[Muanet] SMH editorial on Nelson proposals
Dion Giles
dgiles at central.murdoch.edu.au
Mon Mar 7 08:58:04 WST 2005
Dr Nelson's daring new prescription
SMH editorial
March 7, 2005
http://www.smh.com.au/news/Editorial/Dr-Nelsons-daring-new-prescription/2005/03/06/1110044262150.html
Proposals by the federal Education Minister, Brendan Nelson, to create
greater diversity, specialisation and competition within the university
sector are radical, even revolutionary. Given the present unsatisfactory
situation, this is no bad thing. Dr Nelson's suggestions - heresies, say
some - would redefine and broaden the term "university". Universities could
be either teaching-only or research-intensive institutions, the way would
be cleared for more private and small universities, including some
specialising in a single discipline or vocation (for example law or
medicine or hospitality), and overseas universities would be encouraged to
establish Australian campuses. This would require the Commonwealth and the
states to agree to big changes in the present protocols that oblige
universities to offer at least three disciplines and to undertake both
teaching and research.
Given the hysterical tone of some reactions to Dr Nelson's ideas, this need
for federal-state agreement should be emphasised. He has not announced a
fait accompli, but a discussion paper inviting responses. He may be wedded
to his ideas, but he is surely realistic enough to listen to qualified
critics. Labor's Jenny Macklin overstated it when she predicted "a
proliferation of McDegrees that aren't worth the paper they are written on"
(perhaps a reference to the Hamburger University of Illinois, run by the
McDonald's fast food chain). But that doesn't mean Dr Nelson should dismiss
concerns that excessive deregulation could lead to devaluation of the
currency of degrees and debasement of the status and standards of
university education. In fairness, he has anticipated such worries,
suggesting that the protocols could be changed "to better assure the
quality" of higher education. We trust this means that institutions will be
carefully screened and monitored, with any offering rubbish degrees being
barred from becoming or remaining universities.

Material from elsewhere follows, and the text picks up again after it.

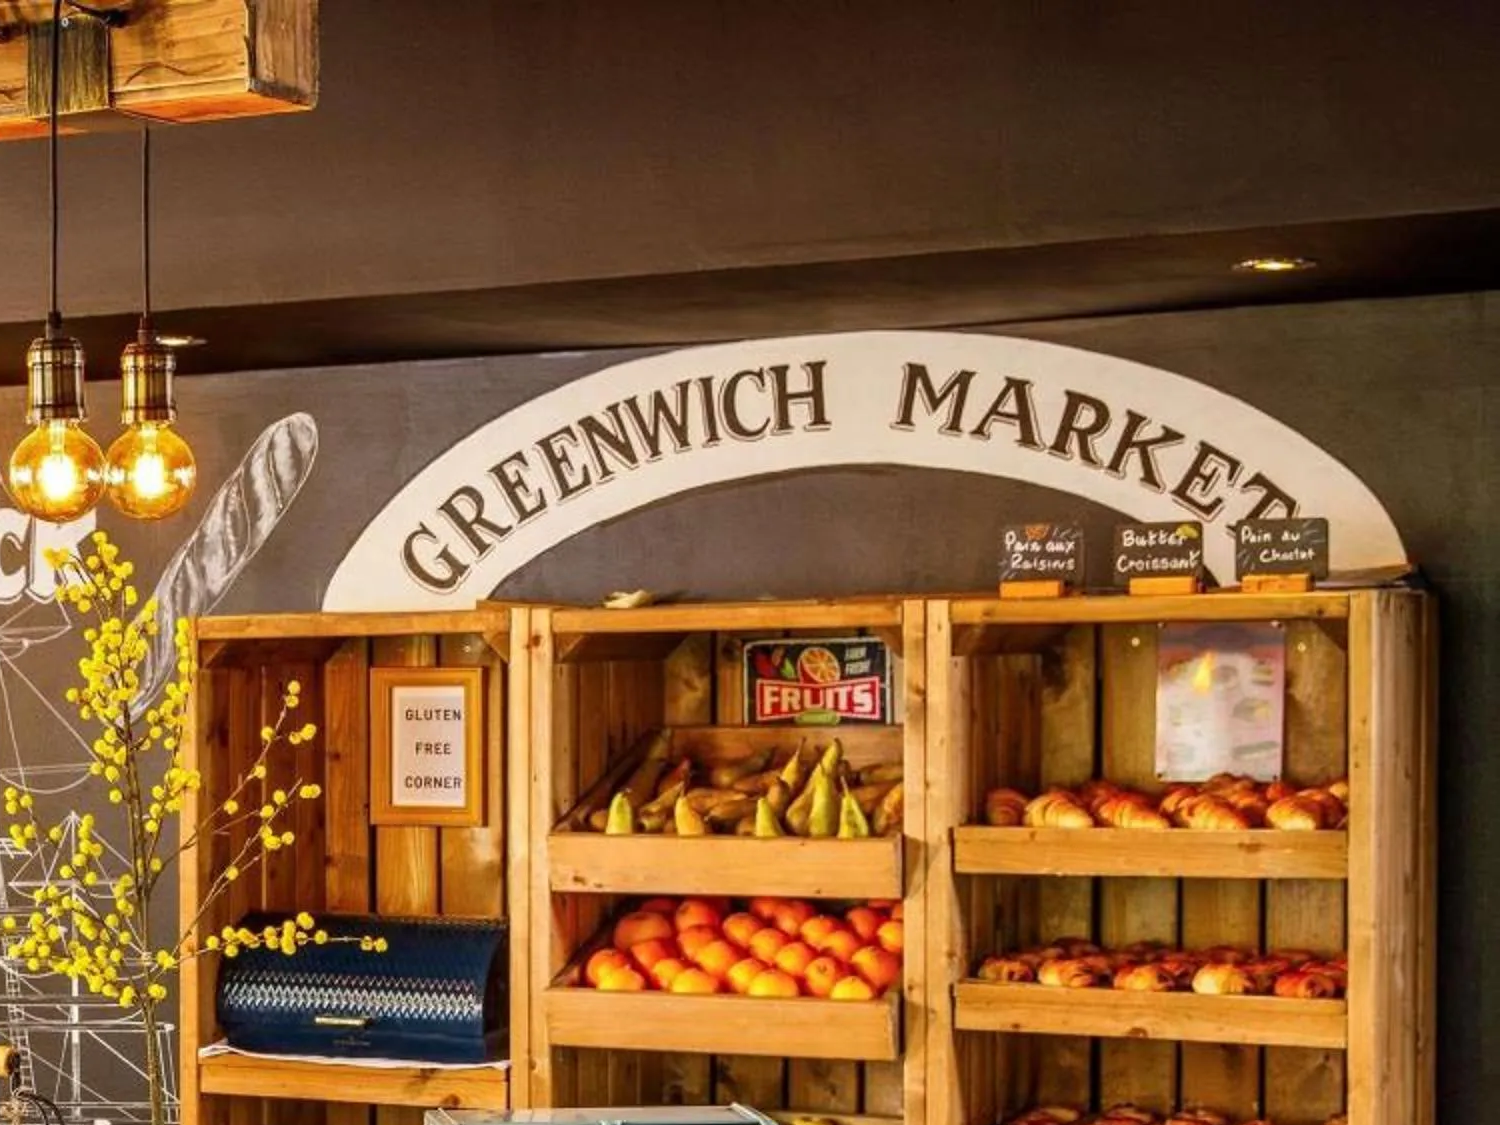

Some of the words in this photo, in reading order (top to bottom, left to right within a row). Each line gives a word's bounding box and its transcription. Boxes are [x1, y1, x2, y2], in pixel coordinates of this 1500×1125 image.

There are other concerns. One is that high-profile foreign institutions
like Harvard could come in and cream off students in prestigious,
profitable and relatively cheap-to-run disciplines like law. Another is
that specialised institutions would be intellectual monocultures, depriving
students of contact with those in different disciplines and giving them
less opportunity to change courses. However, the potential gains from
increased competition and diversity, if combined with an appropriate
regulatory framework and monitoring regime, should outweigh the risks. For
instance, greater flexibility would encourage single-discipline campuses to
co-operate with larger universities to widen the range of subjects
available to their students.
Besides, and this is the main point, the present system is not working
well, either for Australian students or for our universities as they seek
to compete in the global market for foreign students. The so-called
one-size-fits-all model - obliging all universities, including the
smallest, newest and poorest, to be both multi-disciplinary and committed
to teaching and research - has in fact produced a messy, de facto two-tier
system. Under-resourced institutions, typically the products of unnatural
unions between academically disparate and geographically scattered
campuses, must pretend to be what they are not while the overall reputation
of Australian higher education is undermined.